7.       By the same token, shallower water at the channel sides tends to flow more slowly and thus offers the best opportunities for the fastest sailing progress upstream. Just keep a sharp eye on the depth and try not to ground yourself! Twice I have grounded myself temporarily this season in the inside of small meander bends. Remember, slower flowing water tends to result in more sediment deposition, especially on the inside of bends! And how many years have I taught meander formation at GCSE and A Level? Dur!

8.       If you need the deep water, search for it on the outside of meander bends where faster flowing water leads to more river scouring and so deeper water channels. But remember, the price paid is that faster flowing river water, so it pays to make best use of that building tide to counter the river flow!
9.       Let’s keep on the theme of river depths a moment longer. It is of course easy to become disorientated in a channel, particularly when the tide is rising and covering mudflats and mudbanks. On such occasions my carefully drawn channel sketches in my notebook have become meaningless. With no depth sounder on Arwen, at times like this, I will find one channel edge and then through use of centreboard, stick close to it. If this edge is on my port side, then I know that deeper channel water will lie to starboard of me in an emergency. When I have stuck to the middle of the channel, as I have done in the past, I have found myself not knowing which side deeper water might be found on and so now you know how one or twice this season I have come to be stranded mid channel on sand banks in the river Lynher above Black Rock, at the start of a building tide. I’ve learned to keep a better watch on tide times and chart depths when passage planning. It is so easy to forget about tide times and tidal heights when sailing stunning estuary scenery on warm sunny days when I have sailed up the Lynher a bit earlier than perhaps I should have!  Those detailed pilotage passage notes with bearings and distances to next mark and notes about tidal times and depths have helped reduce the incidents of temporary centreboard bouncing along the riverbed!
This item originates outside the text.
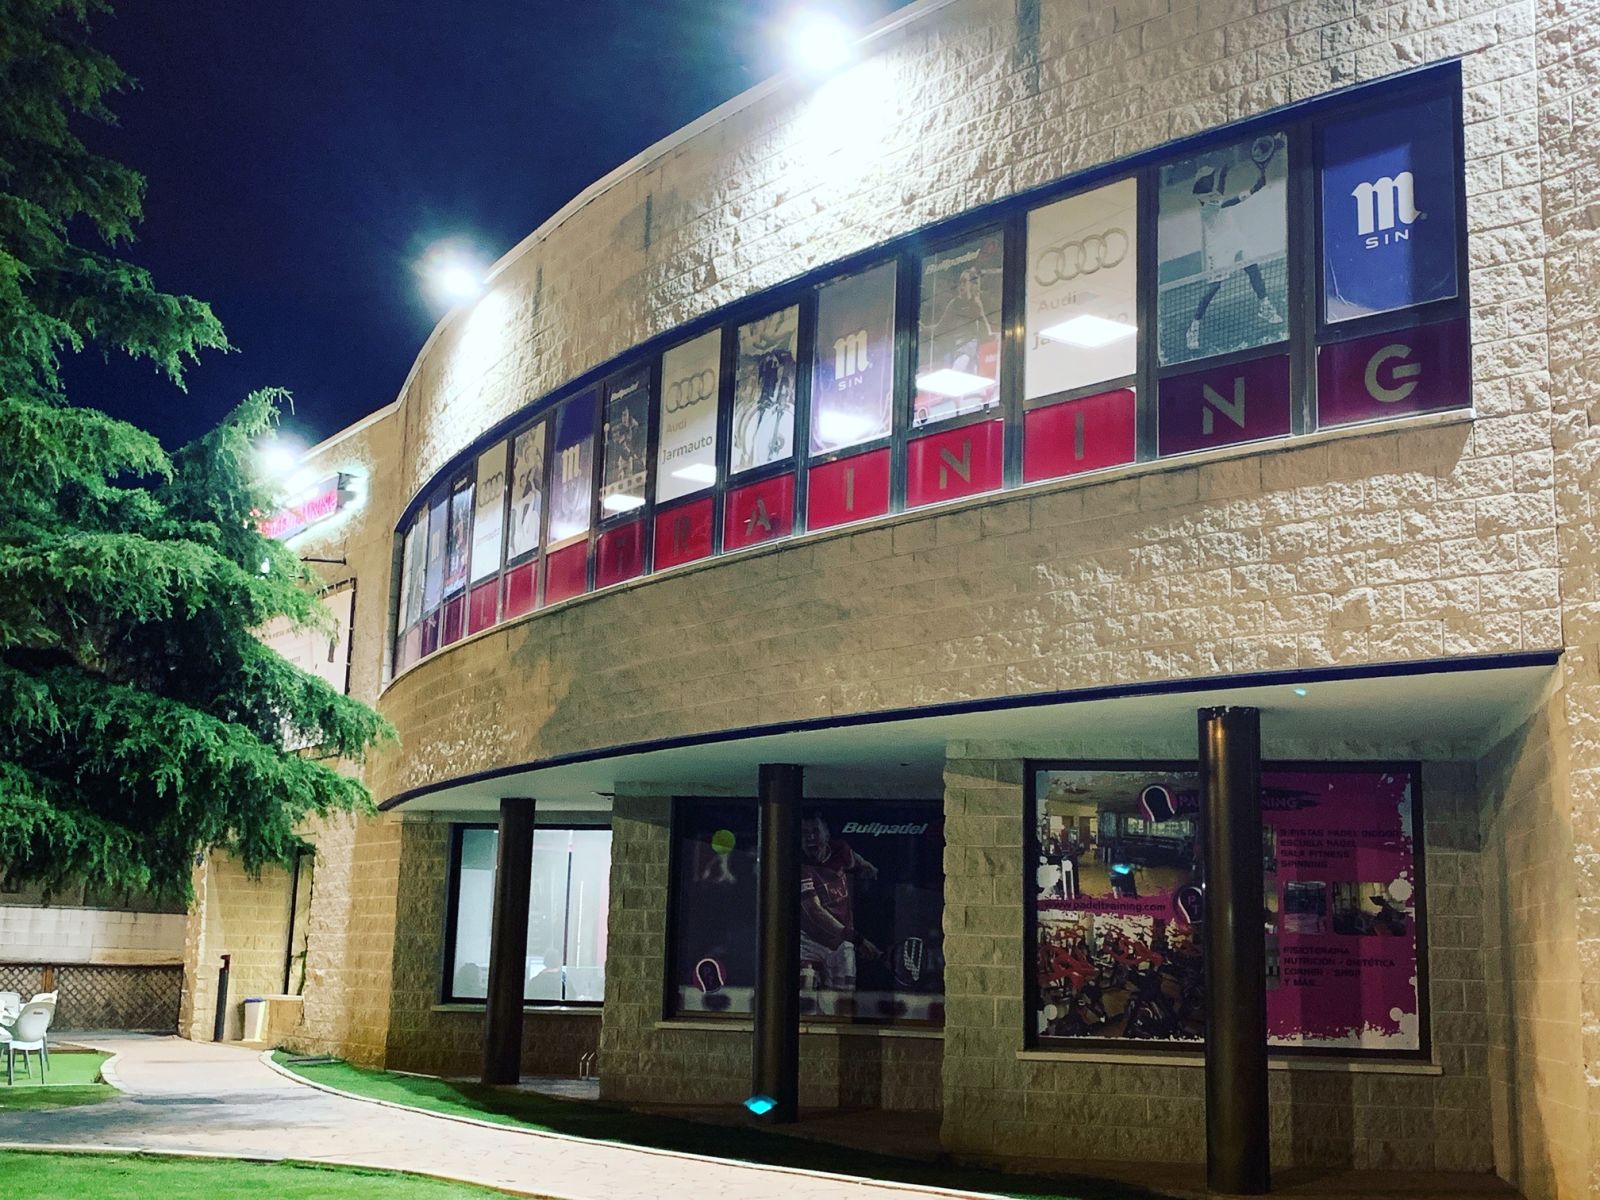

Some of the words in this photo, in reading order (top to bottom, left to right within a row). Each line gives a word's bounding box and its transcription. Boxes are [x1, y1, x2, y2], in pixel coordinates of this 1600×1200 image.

Dandy Hole on river Lynher
10.   Dylan Winter (Keep turning Left) and Tony (aka Creeksailor) carry a bamboo cane marked for depth finding when sailing upper creeks and narrow channels. Dylan places his cane just ahead of where he is sitting in his cockpit. As the drift of the boat brings him past the measuring point, his stick comes upright, he reads the depth and the forward motion of the boat lifts the stick up off the bottom and it is then ready for its next placement ahead. I rely on my centreboard which is slightly deeper than my rudder to give me fair warning of when I am starting to skim the riverbed. The centreboard lifts slightly and often rattles inside its casing, a first warning that prompt tacking action into deeper water is immediately required. To be fair, it doesn’t always work and on three occasions this year I have suddenly discovered I have left insufficient tacking depth ahead and as a result both centreboard and rudder have suddenly dug into the mud or caught on some clump of rock and weed just below the surface at the channel margin. During last September, it led to a very memorable encounter with some Canadian Geese who were most offended that I had invaded their little mud shingle beach on the upper Lynher. They are much bigger than you think are those Canadian Geese and talk about hissy fits! Maybe it is time to adopt the cane method for next seasons cruising.
11.   Don’t just keep an eye out horizontally. Don’t just think distance and depth. Think vertically as well. Twice in the upper reaches of the Tamar approaching Calstock, I have almost caught my upper sail yard in overhanging branches. Each time I thought I had plenty of room ahead so was somewhat surprised to hear cracking twigs!
12.   Upper river channel sailing can be very frustrating. That niggly feeling that winds are conspiring against you as they suddenly shift to blow either directly down channel or up channel from behind is true! So, learn to expect the unexpected. Surface winds often get funnelled up or down river valleys. I have yet to get up the lower Lynher without having to do long upwind tacks, even if the prevailing wind direction for the day is southerly, the winds always seem to be blowing from the west straight down that channel. I’ve experienced the same phenomenon on the Kingsbridge estuary as well. The moment I turn at Snapes Point, those south westerlies suddenly become northerlies, straight down the channel at me. Go figure. The effects of local topography!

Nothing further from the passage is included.